§ PROBLEM DESCRIPTION
Within the records that follow, count the lines containing the string "words". Reply only with the count.

§ DATA SUPPLIED
- - -

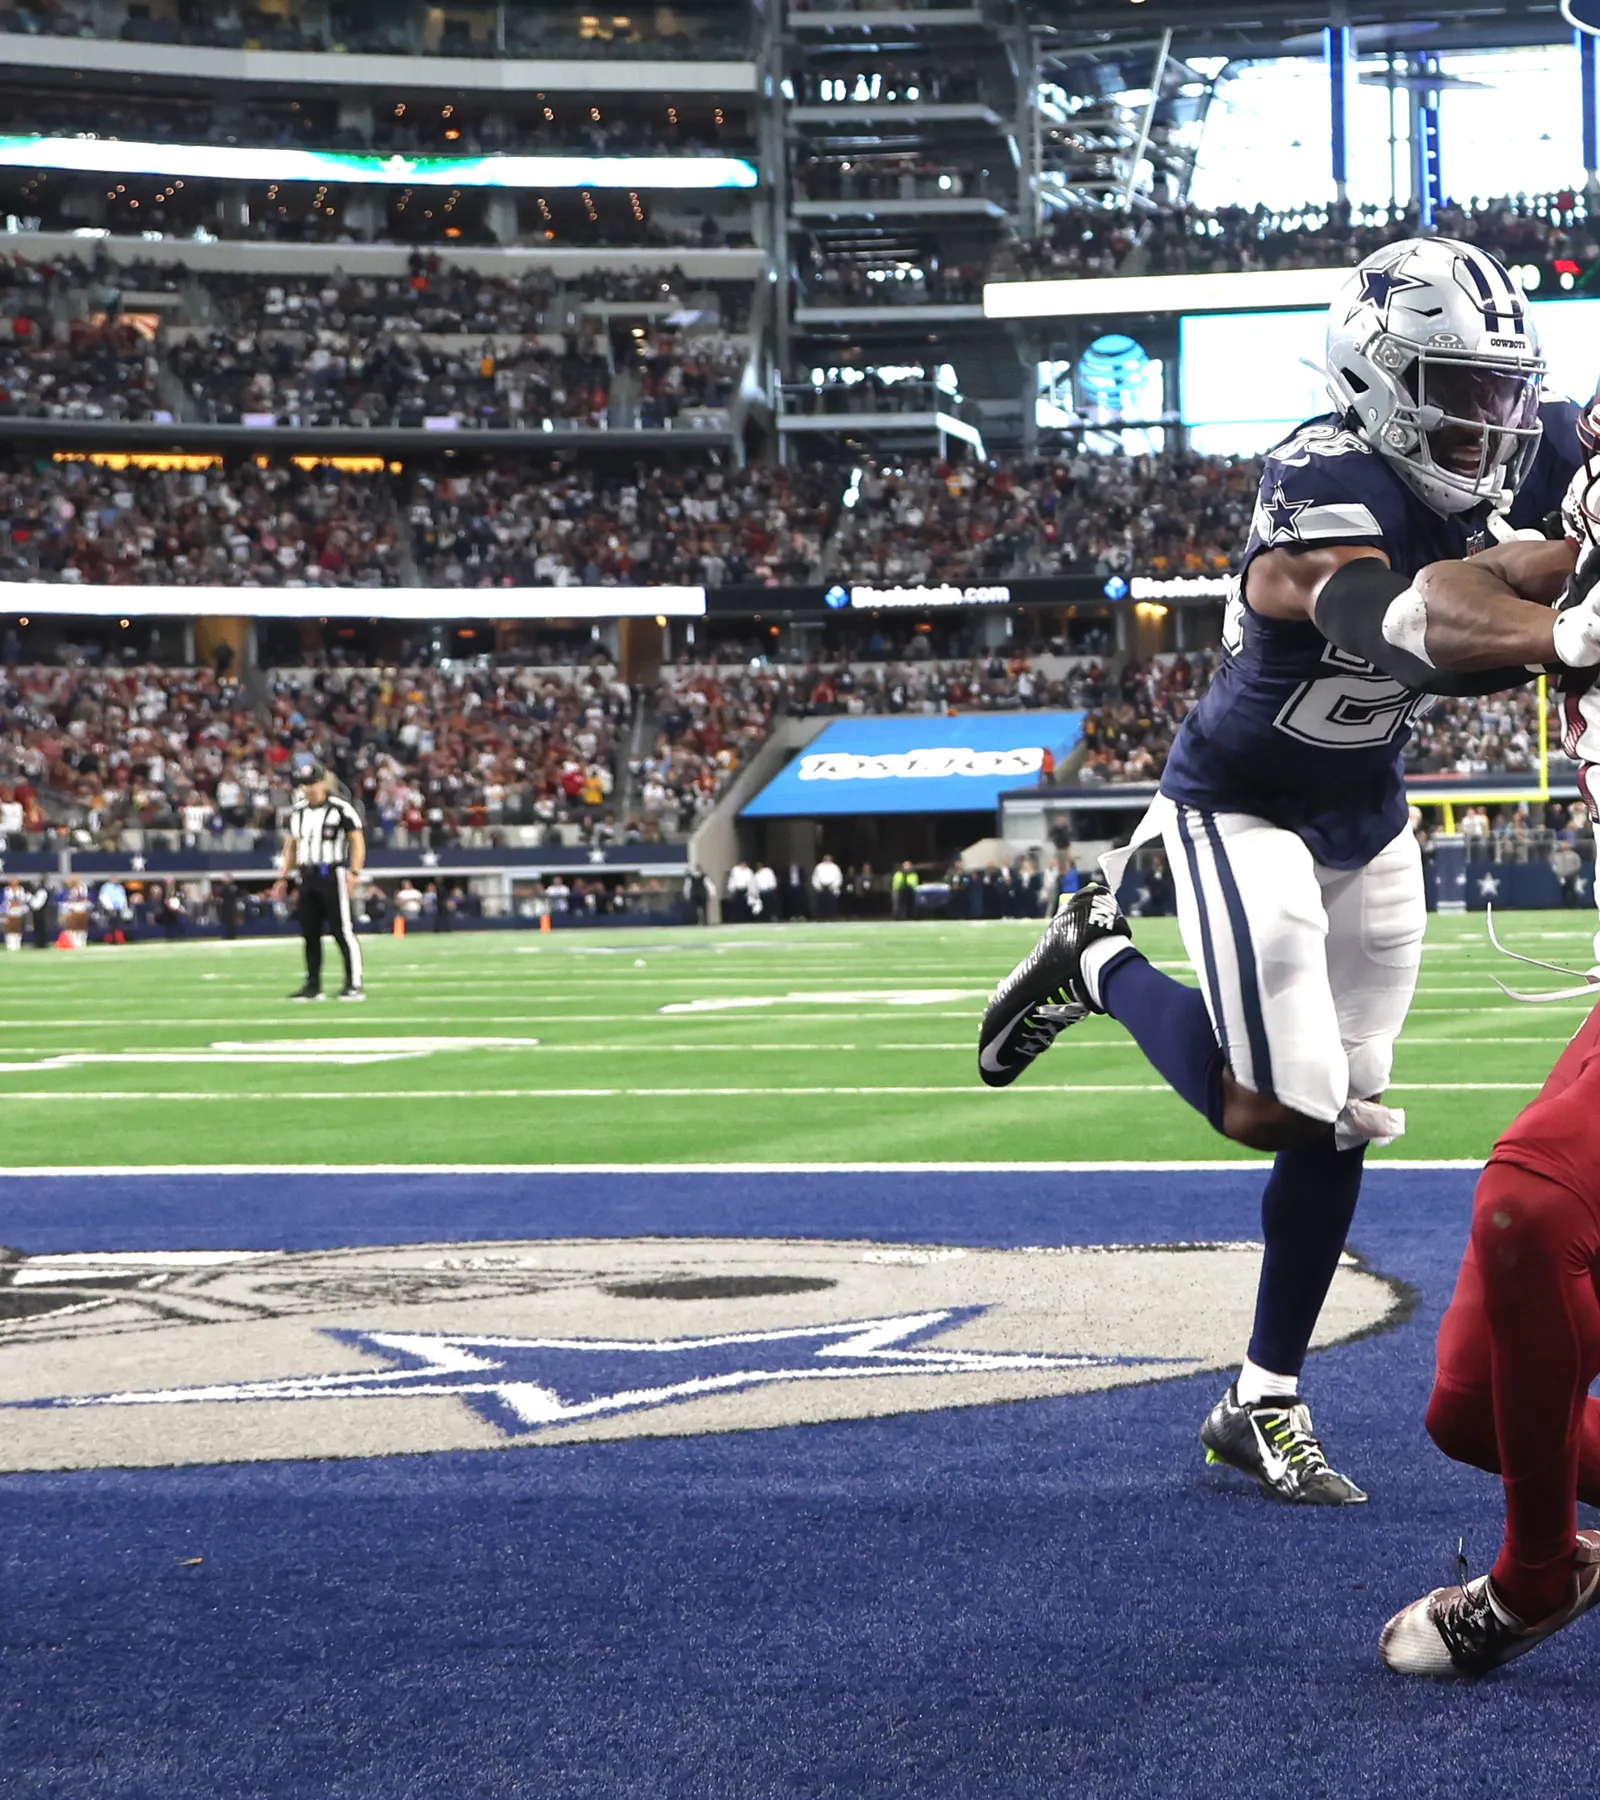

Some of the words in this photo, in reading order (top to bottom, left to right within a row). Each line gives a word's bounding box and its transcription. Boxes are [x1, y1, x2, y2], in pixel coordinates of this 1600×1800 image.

- - -

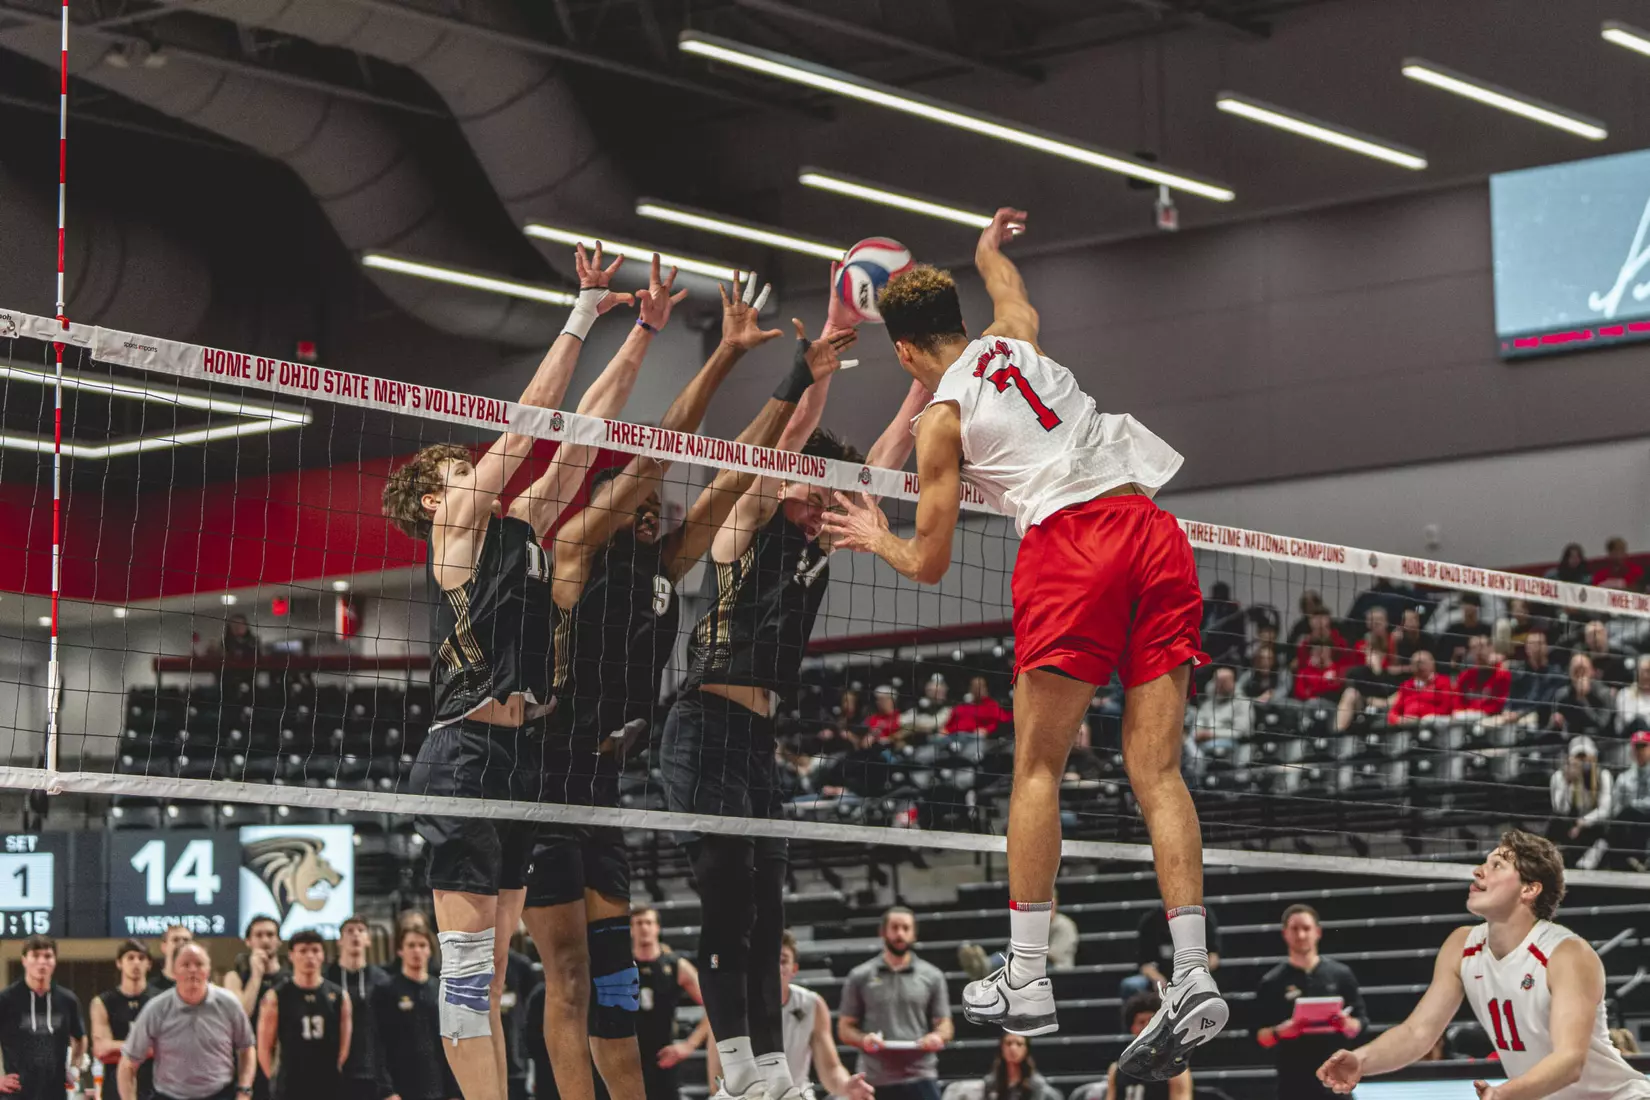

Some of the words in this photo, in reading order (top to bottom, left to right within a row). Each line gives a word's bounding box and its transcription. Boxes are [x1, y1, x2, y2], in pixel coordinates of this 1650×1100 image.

- - -

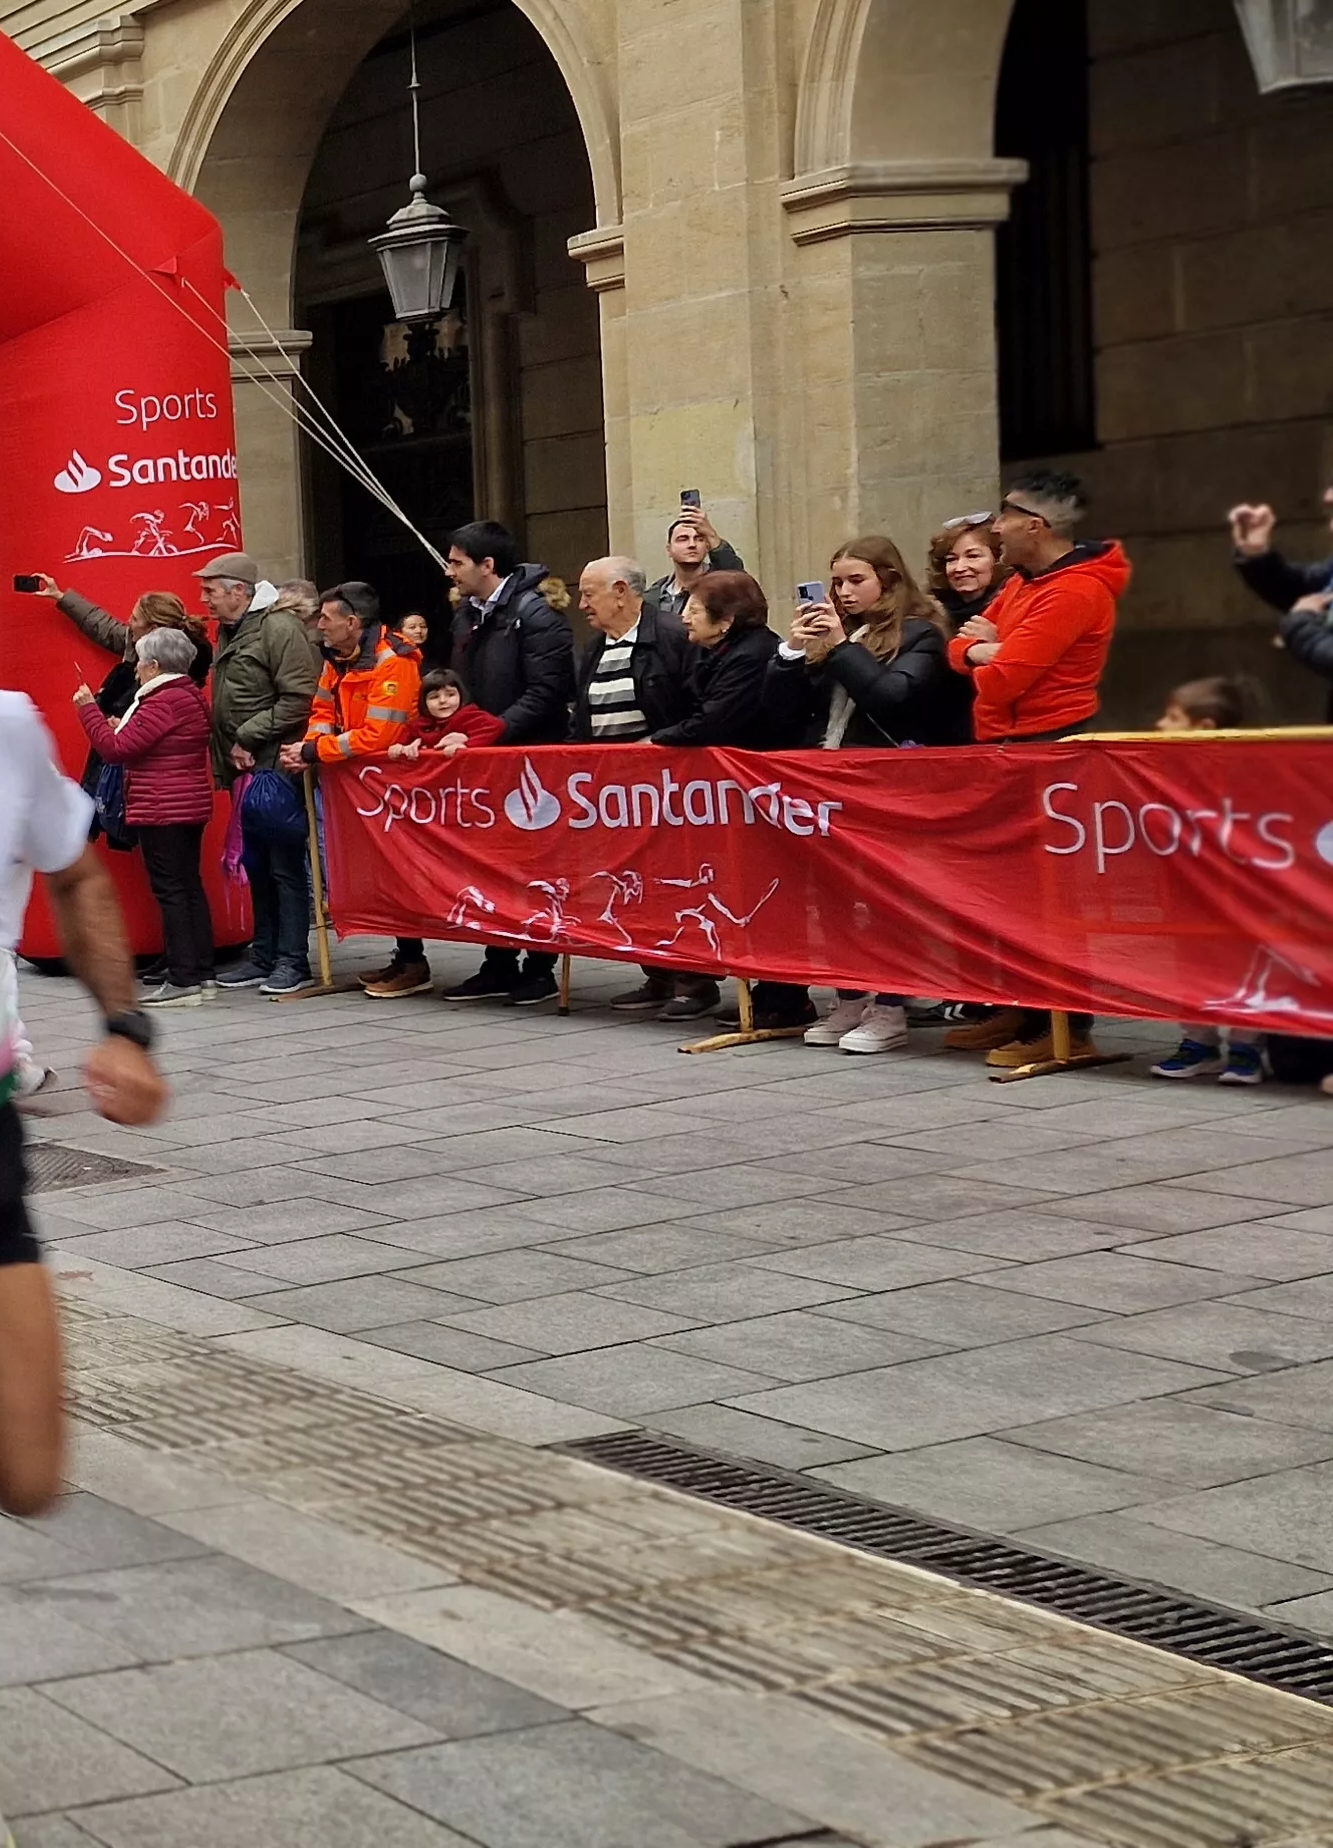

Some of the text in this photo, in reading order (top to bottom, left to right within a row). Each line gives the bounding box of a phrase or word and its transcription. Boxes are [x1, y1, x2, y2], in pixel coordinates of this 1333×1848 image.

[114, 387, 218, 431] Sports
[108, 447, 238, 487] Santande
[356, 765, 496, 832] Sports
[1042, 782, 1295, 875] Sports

- - -

§ ANSWER
2